A son to a journalist and diehard democrat father and a schoolteacher mother, Robert Lee Frost was born in 1874 at San Francisco in the state of California, and passed on in mid 20th century in the year 1963 (Waggoner 87). He lost his father, William Frost, at a tender age of eleven years and his mother, Isabelle Moody, who had stopped teaching, took over as the breadwinner of the family. This meant that she had to return to her teaching career to ensure that she was able to support the family. Frost’s family lived in Lawrence in Massachusetts at the farm of Robert Frost’s grandfather, William Prescott Frost. William schooled Robert Frost and in 1892, Robert graduated from high school.

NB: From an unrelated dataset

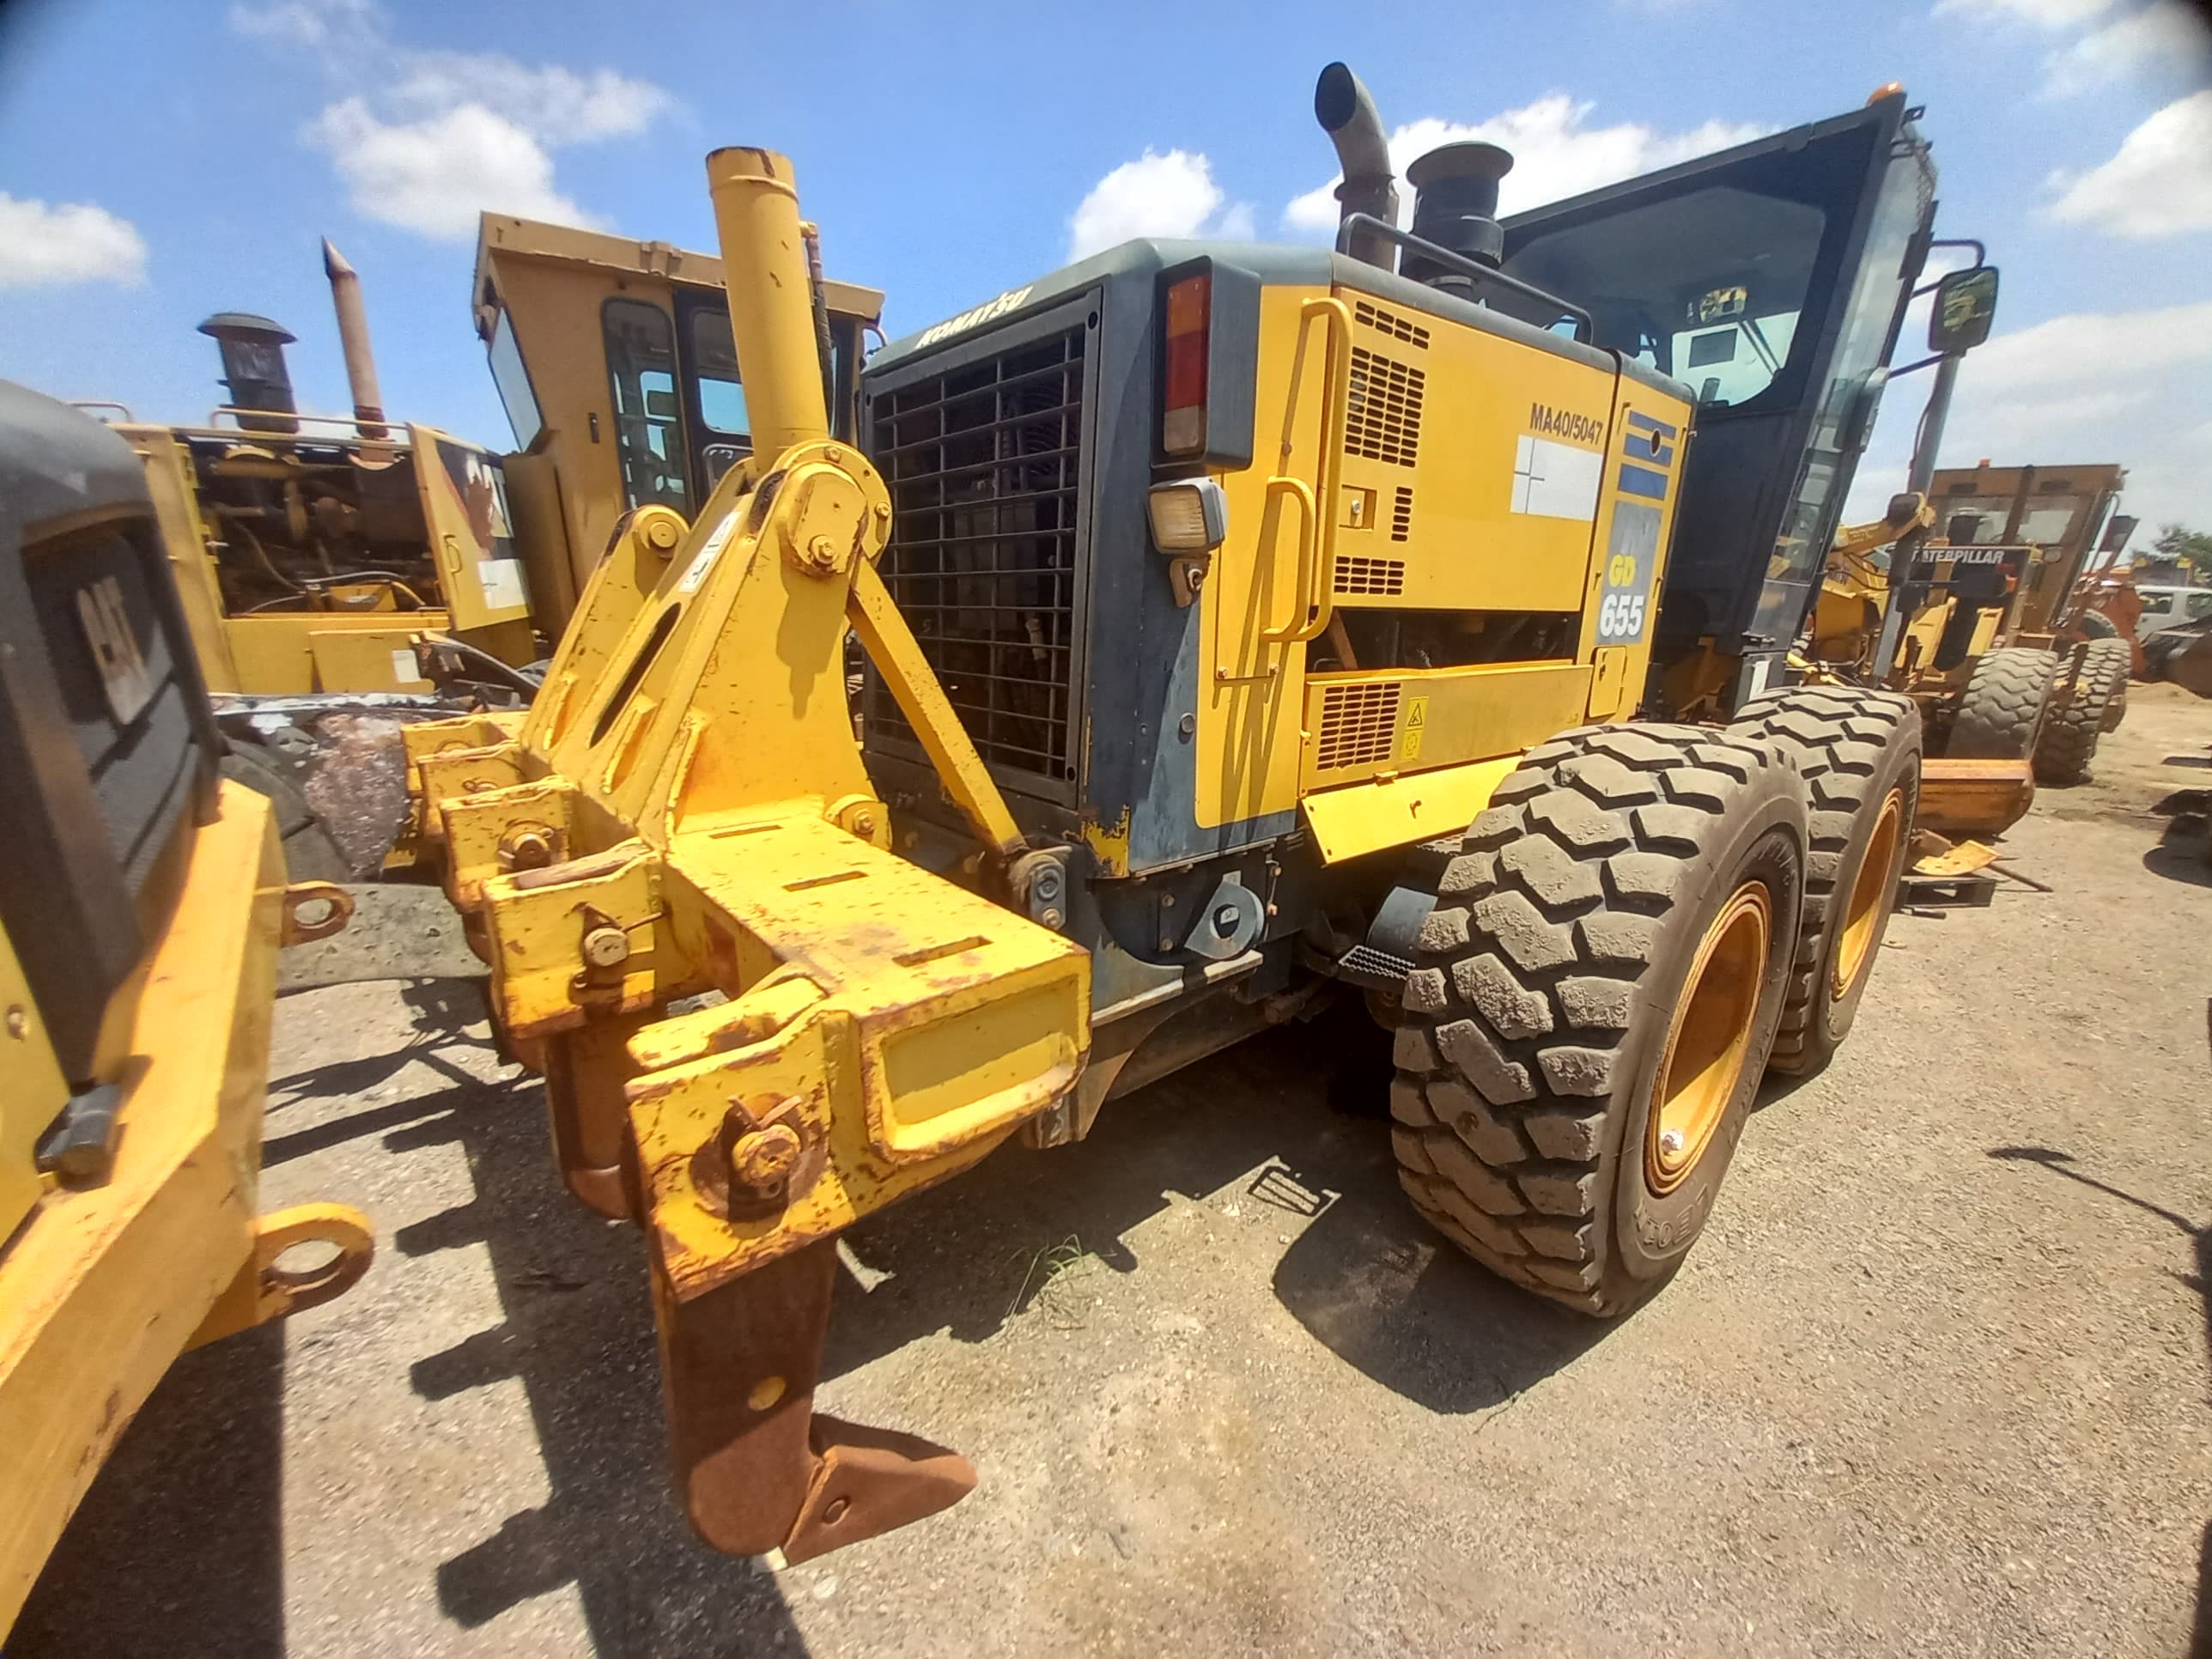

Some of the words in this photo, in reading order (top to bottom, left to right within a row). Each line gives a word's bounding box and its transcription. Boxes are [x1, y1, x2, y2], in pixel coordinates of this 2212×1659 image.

[1530, 403, 1603, 445] MA40/5047
[1609, 554, 1636, 586] GD
[1600, 594, 1644, 636] 655

After graduating from high school, Frost enrolled to Dartmouth College for the next several months. However, owing to the family background hardships, he chose to do odd jobs and was employed in diverse sectors over a period of ten years from the time he was enrolled at Dartmouth. He worked in a textile mill and also as a teacher of Latin at the school where his mother taught in Methuen, in Massachusetts. It was also during this period that he started his passion, poetry; and one of his early works, “My Butterfly”, was published by the New York Independent in the year 1894. Within that period, he privately printed five other poems and continued teaching Latin. He also had magazines published his works. Frost wrote poems about love, and in the year 1895, he was love struck and married Elinor White, who was his former schoolmate and together they were blessed with six children.

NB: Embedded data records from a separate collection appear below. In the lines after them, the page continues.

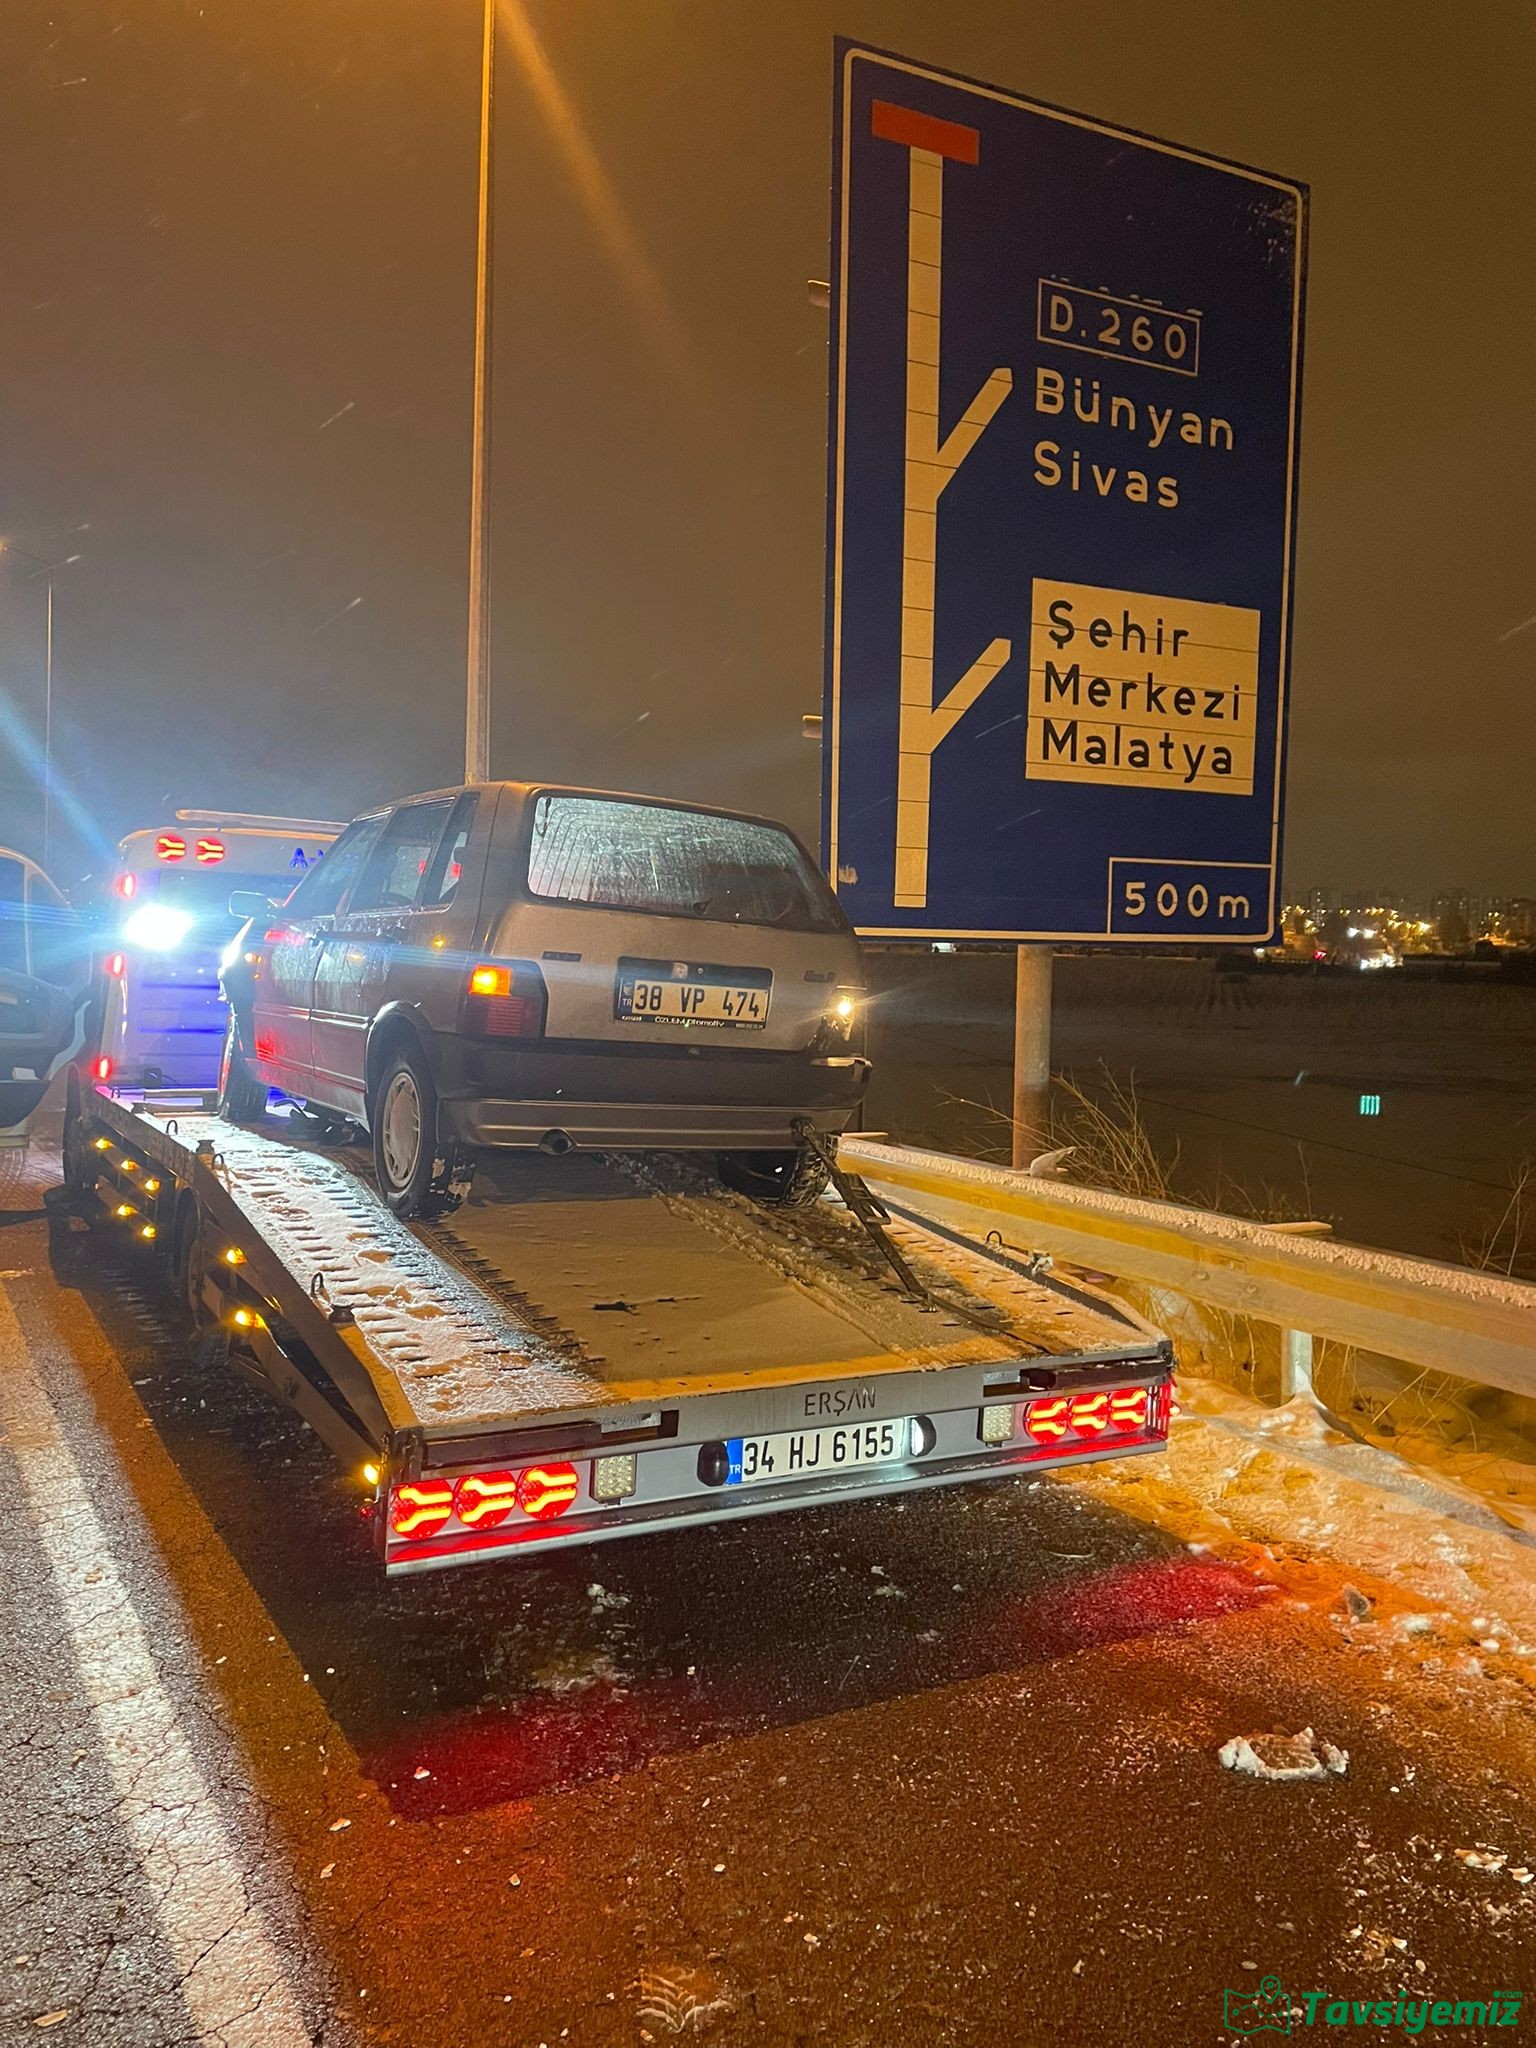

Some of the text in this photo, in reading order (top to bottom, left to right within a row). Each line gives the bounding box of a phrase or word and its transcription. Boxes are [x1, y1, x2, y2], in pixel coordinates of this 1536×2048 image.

[1050, 294, 1187, 359] D.260
[1035, 366, 1234, 450] Bünyan
[1033, 440, 1179, 508] Sivas
[1048, 599, 1189, 657] Şehir
[1044, 660, 1240, 720] Merkezi
[1042, 718, 1232, 783] Malatya
[1124, 881, 1250, 919] 500 m
[634, 984, 663, 1011] 38
[680, 986, 706, 1014] VP
[722, 990, 760, 1018] 474
[804, 1386, 877, 1416] ERŞAN
[729, 1424, 894, 1475] TR 34 HJ 6155

Between 1897 and 1899, Frost attended Harvard University, but he left the university without graduating and resumed his menial jobs. Frost shifted to New Hampshire, where he earned his living as a farmer, a teacher, and as a cobber. He continued to pen his poems while looking for newspapers and magazines to publish them. He even sent them to The Atlantic Monthly, but they were turned down with The Atlantic Monthly citing that they did not have a place for his rigorous verse, which was an insult to the way Frost had formatted his works, which were short and terse poems.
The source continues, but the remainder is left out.